I need my class to know my config settings. Basically I insert EVERY singele configuration variable somehow in EVERY class to make it work. Is their a OOP approach that is better? I heard the GLOBAL array is bad in OOP.

So far i have (very clumsy) done two things to pass configuration variables to my class:

Example 1

config.inc.php

$country_id=1;

country.php

<?php
class Country {
	public function show_country($country_id) {
		if($country_id==1) {
			echo 'The country is USA';
		}
	}
}
?>

index.php

<?php
$output = new Country();
include('config.inc.php');
$output->show_country($country_id);
?>

Example 2

config.inc.php

define(COUNTRY_ID,'1');

country.php

<?php
class Country {
	public function show_country($country_id) {
		$country_id = COUNTRY_ID;
		if($country_id==1) {
			echo 'The country is USA';
		}
	}
}
?>

index.php

<?php
$output = new Country();
include('config.inc.php');
$output->show_country();
?>

    That is a good question and I'd love to see other developers comments. I feel at some point you need a "header" file to declare some constants and I'm not above using the constant values within my classes.
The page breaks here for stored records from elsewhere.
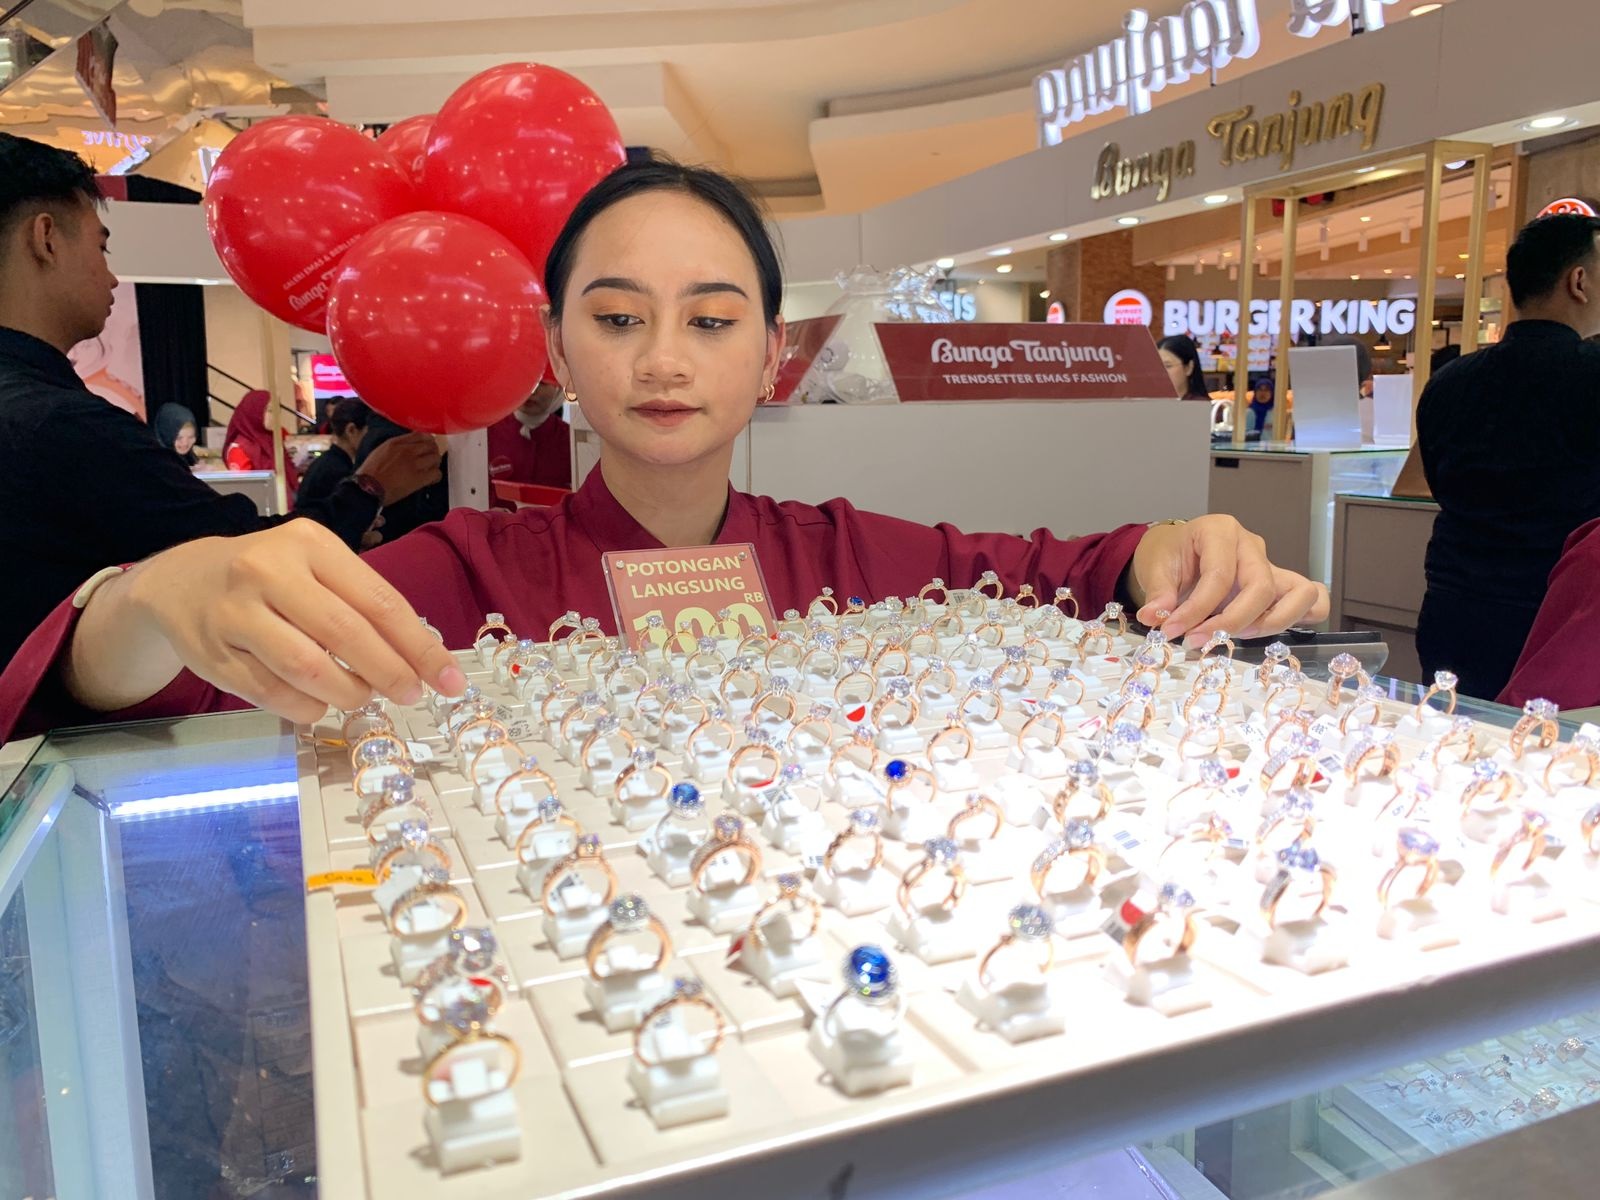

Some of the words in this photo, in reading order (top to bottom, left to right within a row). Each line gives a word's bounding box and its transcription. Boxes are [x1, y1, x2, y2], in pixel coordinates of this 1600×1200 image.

[1090, 141, 1196, 202] Bunga
[1207, 82, 1385, 171] Tanjung
[288, 281, 329, 312] Bunga
[1163, 299, 1315, 336] BURGER
[1320, 299, 1416, 335] KING
[931, 338, 1014, 369] Bunga
[1009, 340, 1115, 369] Tanjung
[942, 373, 1034, 385] TRENDSETTER
[1035, 373, 1071, 384] EMAS
[1072, 373, 1128, 384] FASHION
[625, 555, 741, 578] POTONGAN
[631, 576, 746, 599] LANGSUNG
[632, 602, 769, 657] 100
[743, 591, 765, 603] RB
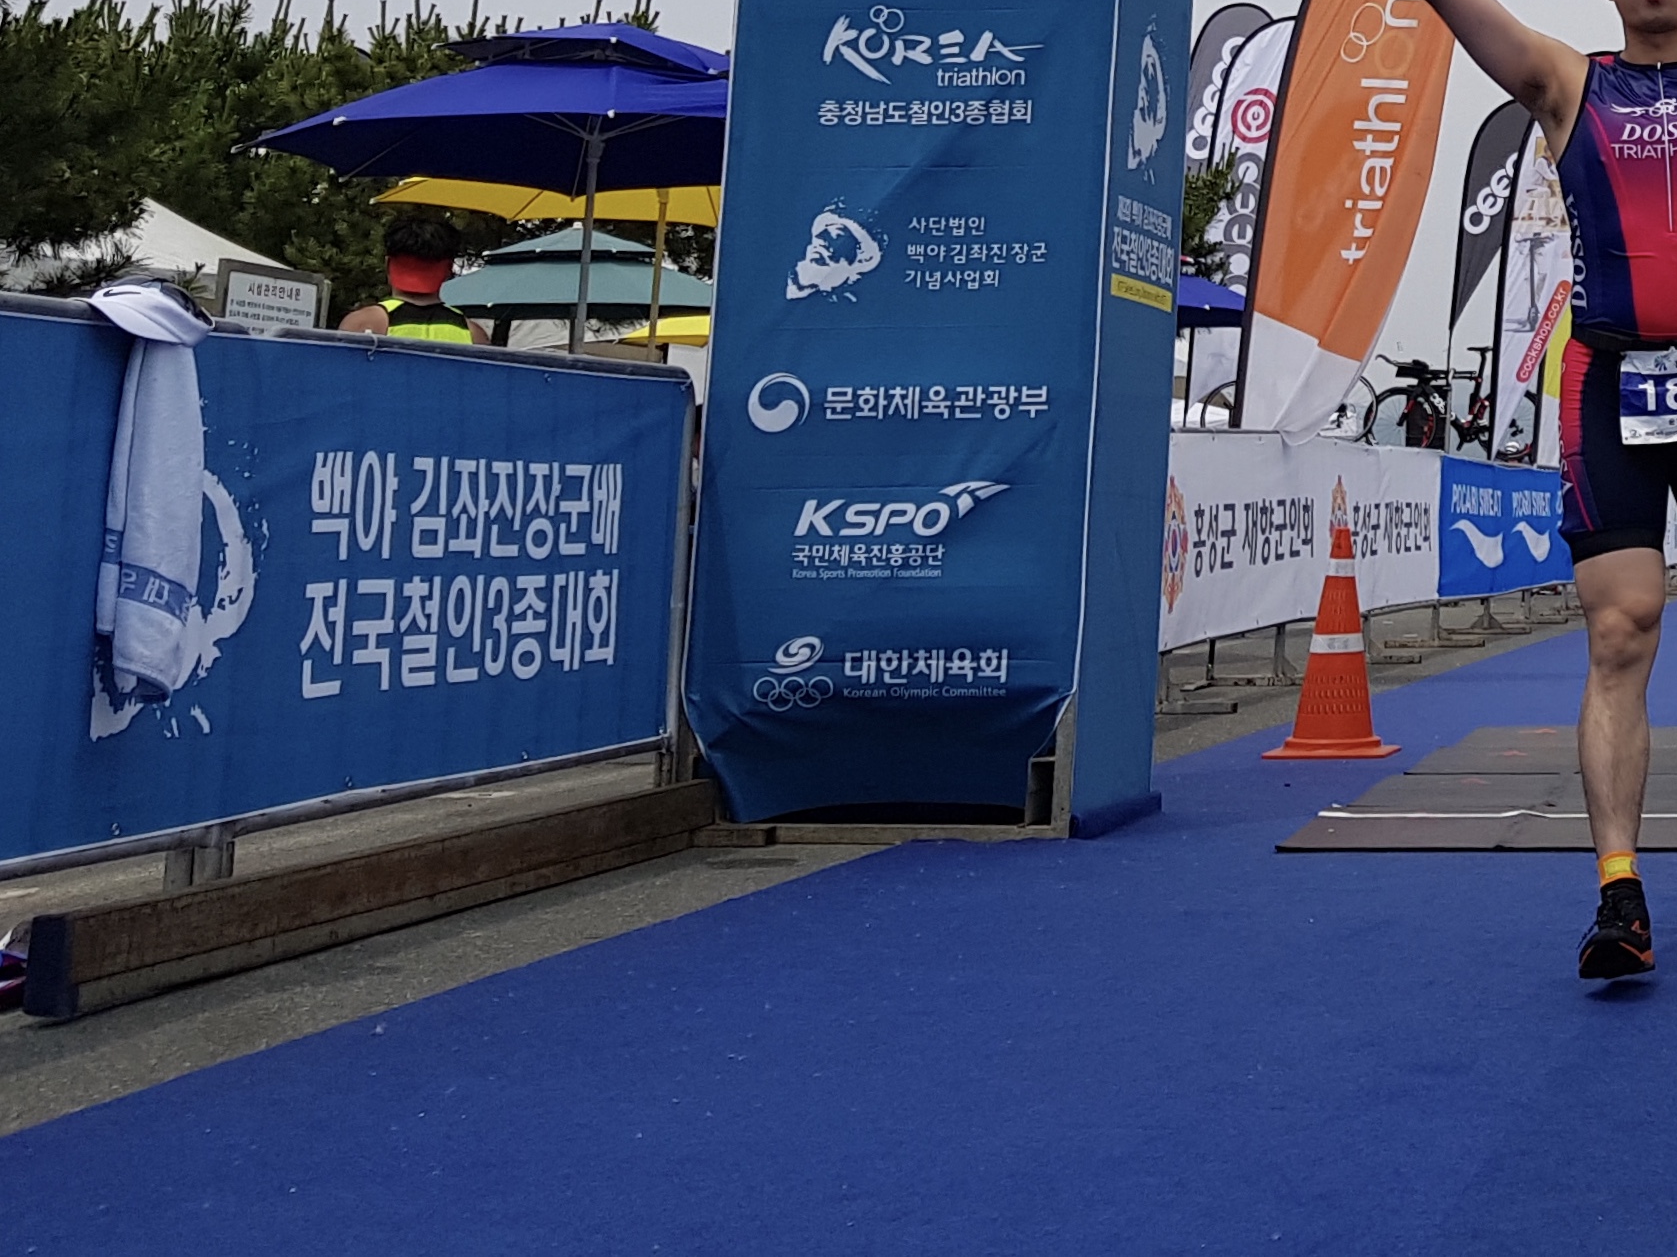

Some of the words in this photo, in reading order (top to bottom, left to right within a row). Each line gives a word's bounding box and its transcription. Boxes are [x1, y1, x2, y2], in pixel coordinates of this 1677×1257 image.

[936, 67, 1026, 87] triathlon
[817, 99, 1033, 126] 충청남도철인3종협회
[908, 216, 987, 237] 사단법인
[904, 269, 1000, 291] 기념사업회
[1519, 285, 1568, 379] cockshop.co.kr
[823, 385, 1049, 420] 문화체육관광부
[310, 449, 399, 561] 백야
[410, 456, 624, 559] 김좌진장군배
[793, 498, 951, 537] KSPO
[1450, 483, 1479, 515] POCARI
[1479, 487, 1502, 518] SWEAT
[1192, 502, 1238, 578] 홍성군
[1242, 496, 1315, 566] 재향군인회
[1351, 501, 1382, 560] 홍성군
[1383, 499, 1432, 555] 재향군인회
[791, 543, 945, 567] 국민체육진흥공단
[792, 568, 817, 578] Korea
[819, 568, 845, 581] Sports
[847, 568, 891, 578] Promotion
[893, 568, 942, 578] Foundation
[300, 568, 621, 699] 전국철인3종대회
[843, 648, 1009, 684] 대한체육회
[843, 687, 887, 697] Korean
[890, 686, 939, 699] Olympic
[941, 686, 1007, 697] Committee
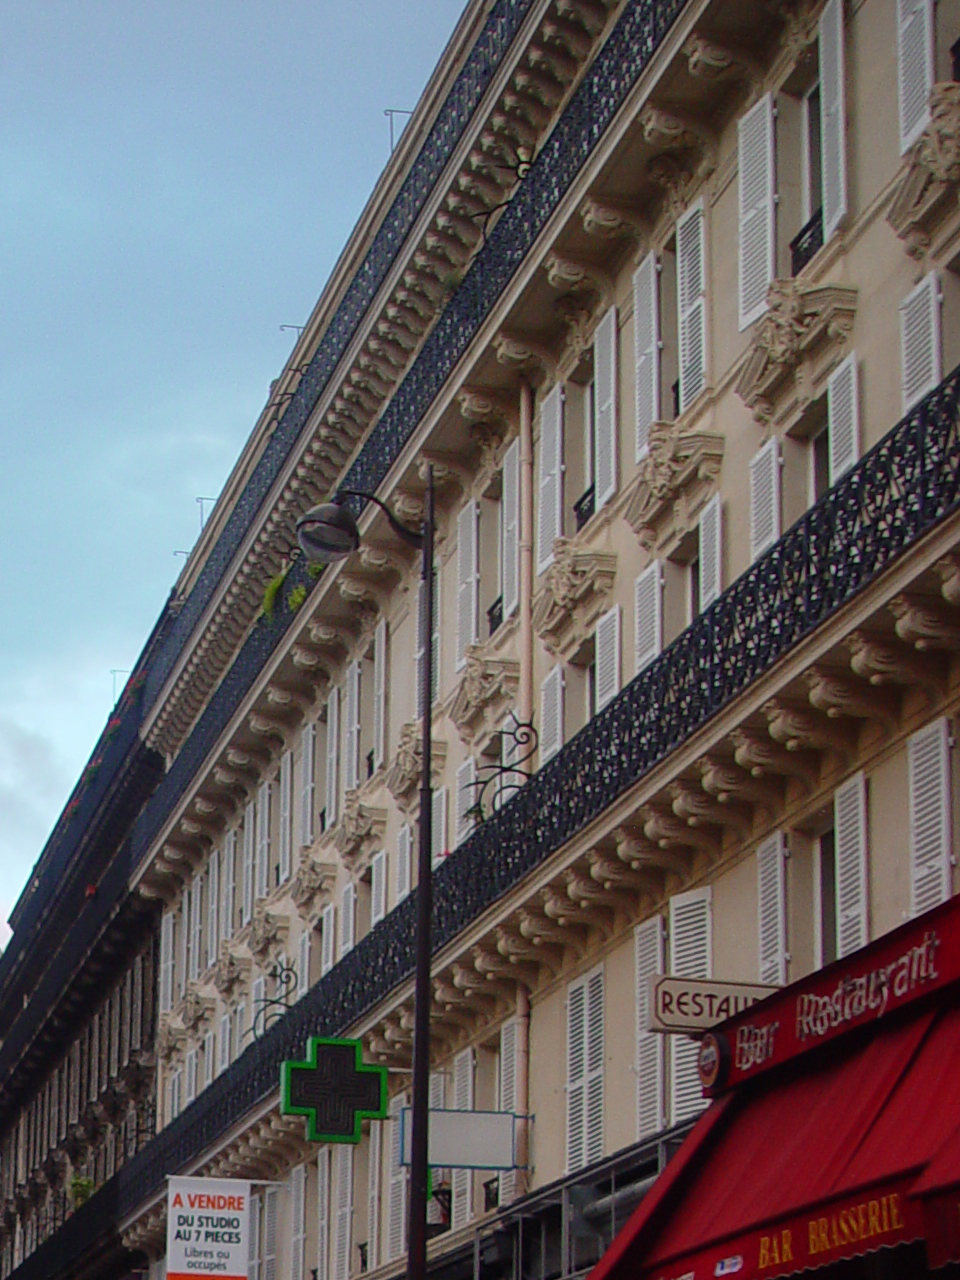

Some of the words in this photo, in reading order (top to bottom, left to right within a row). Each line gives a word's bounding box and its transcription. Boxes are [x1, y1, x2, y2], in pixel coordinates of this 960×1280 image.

[660, 990, 762, 1019] RESTAU
[735, 1021, 779, 1071] Bar
[795, 930, 941, 1042] Restaurant
[172, 1193, 183, 1208] A
[186, 1194, 245, 1211] VENDRE
[177, 1215, 194, 1227] DU
[197, 1216, 240, 1228] STUDIO
[174, 1230, 191, 1241] AU
[195, 1230, 202, 1242] 7
[205, 1231, 241, 1244] PIECES
[758, 1229, 793, 1269] BAR
[808, 1193, 904, 1255] BRASSERIE
[184, 1247, 214, 1259] Libres
[216, 1250, 230, 1259] ou
[187, 1258, 227, 1271] occupés
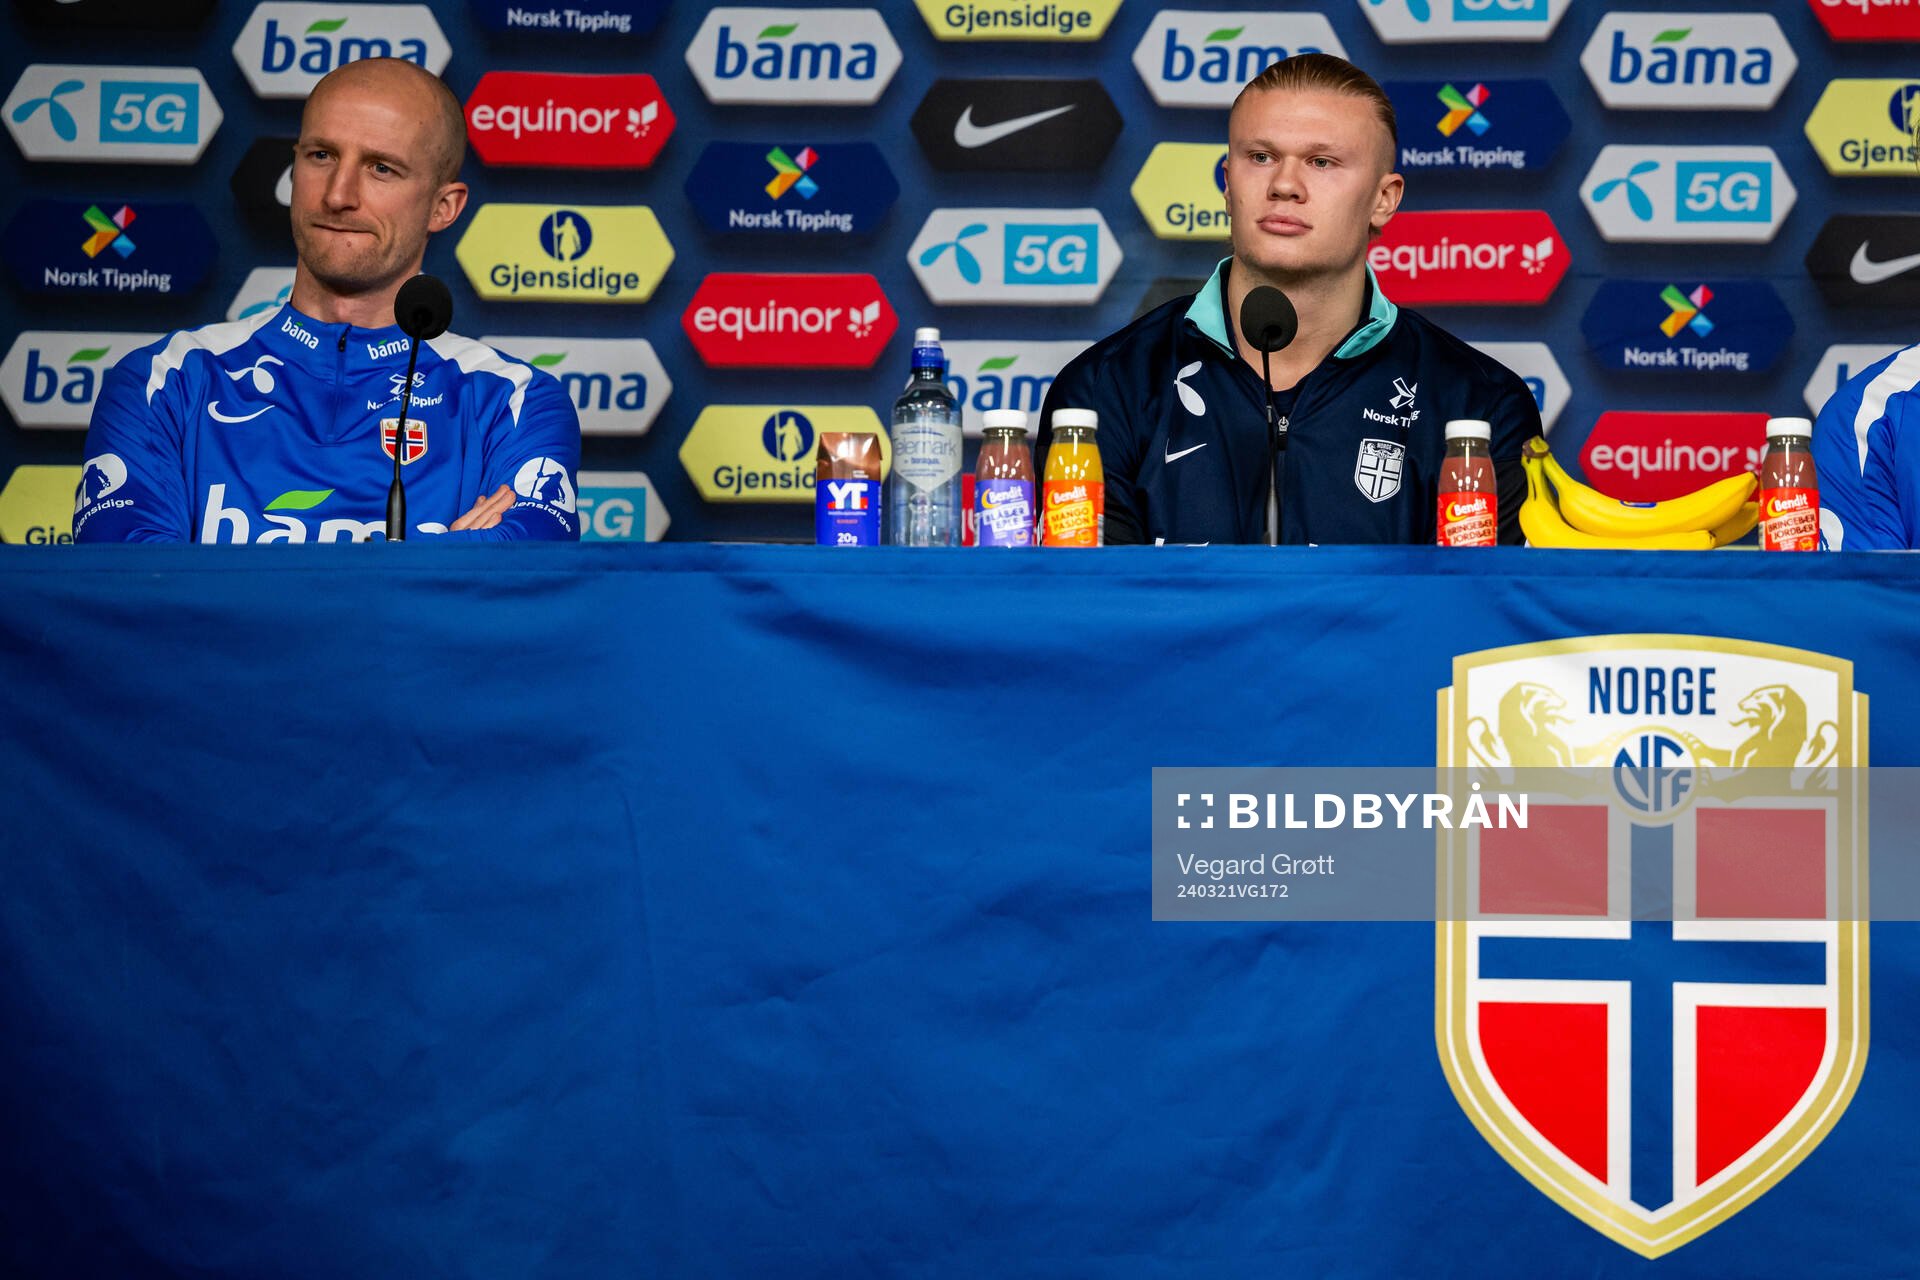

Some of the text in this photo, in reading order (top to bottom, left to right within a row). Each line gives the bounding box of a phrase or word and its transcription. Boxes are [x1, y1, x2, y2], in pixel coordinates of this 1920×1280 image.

[507, 8, 632, 33] Norsk Tipping
[945, 5, 1092, 34] Gjensidige
[714, 26, 877, 80] bama
[1162, 28, 1323, 82] bam
[1608, 31, 1773, 84] bama
[110, 93, 188, 133] 5G
[471, 100, 620, 139] equinor
[1401, 147, 1525, 170] Norsk Tipping
[1840, 139, 1917, 169] Gjens
[1686, 172, 1761, 212] 5G
[729, 210, 853, 232] Norsk Tipping
[1013, 235, 1088, 275] 5G
[1367, 237, 1515, 279] equinor
[44, 267, 171, 291] Norsk Tipping
[490, 264, 639, 295] Gjensidige
[281, 316, 319, 350] bama
[694, 300, 842, 340] equinor
[366, 338, 410, 361] bama
[1624, 347, 1749, 371] Norsk Tipping
[1362, 407, 1399, 426] Norsk
[1589, 438, 1739, 479] equinor
[713, 465, 817, 495] Gjensid
[989, 486, 1023, 504] Bendit
[1053, 486, 1088, 505] Bendit
[1453, 498, 1488, 516] Bendit
[1774, 493, 1808, 511] Bendit
[512, 501, 571, 532] jensidige
[1589, 667, 1717, 716] NORGE
    For example, I'm currently working on a larger project with multiple classes working together (databases, security, forms, business logic, etc.) I like having one configuration file where I can easily change system-wide values. the kind of stuff in there is database connection details, notification emails, paths, etc. Since a constant in PHP is globally accessible everywhere, I simply include my constants page on every page in my web application.

    Anybody have a GOOD example on how to do this differently? For the time being, I have no qualms doing it the way I described.

      For constant values, you can put them into an interface, then each class that needs them need only implement that interface (and a class can implement as many interfaces as it needs):

      <?php
      
      interface Constants 
      {
         const COUNTRY = 'USA';
      }
      
      class Test implements Constants
      {
         public function getCountry()
         {
            return self::COUNTRY;
         }
      }
      
      $test = new Test();
      echo $test->getCountry();  // outputs "USA"
      
      ?>
      

        Hey, I like that! I did think for a moment of deriving from a base class with constants. An interface is better because:

        1. You can not instantiate it (only derive from it)

        2. When used in this manner, it ensures that the class that implements it, has the variables it needs!

        3. Enforces public visibility.

        Albeit, not your typical use for interfaces. 😃

          I never thought of it myself until I read this thread and started searching the web, saw that, tried it, and thought, "Cool!". 🙂

          Another approach is to have some sort of configuration class which you instantiate and then pass to each object that needs it. You could even have its constructor populate the data from an XML file, the database, an ini file, etc., allowing the end user to set up configuration parameters in a non-PHP context.

          You could also look into something like the "Registry" pattern, though that may be overkill, depending on what you need to do.

            Thanks, that is great stuff!

            I will try mess around with it some more. Can you tell me a little more about including INI files?

            Some times it is easier to have one file with all the settings so I never have to touch any of my classes.

              PHP comes with [man]ini_parse[/man] for turning an INI file into an array of names/values.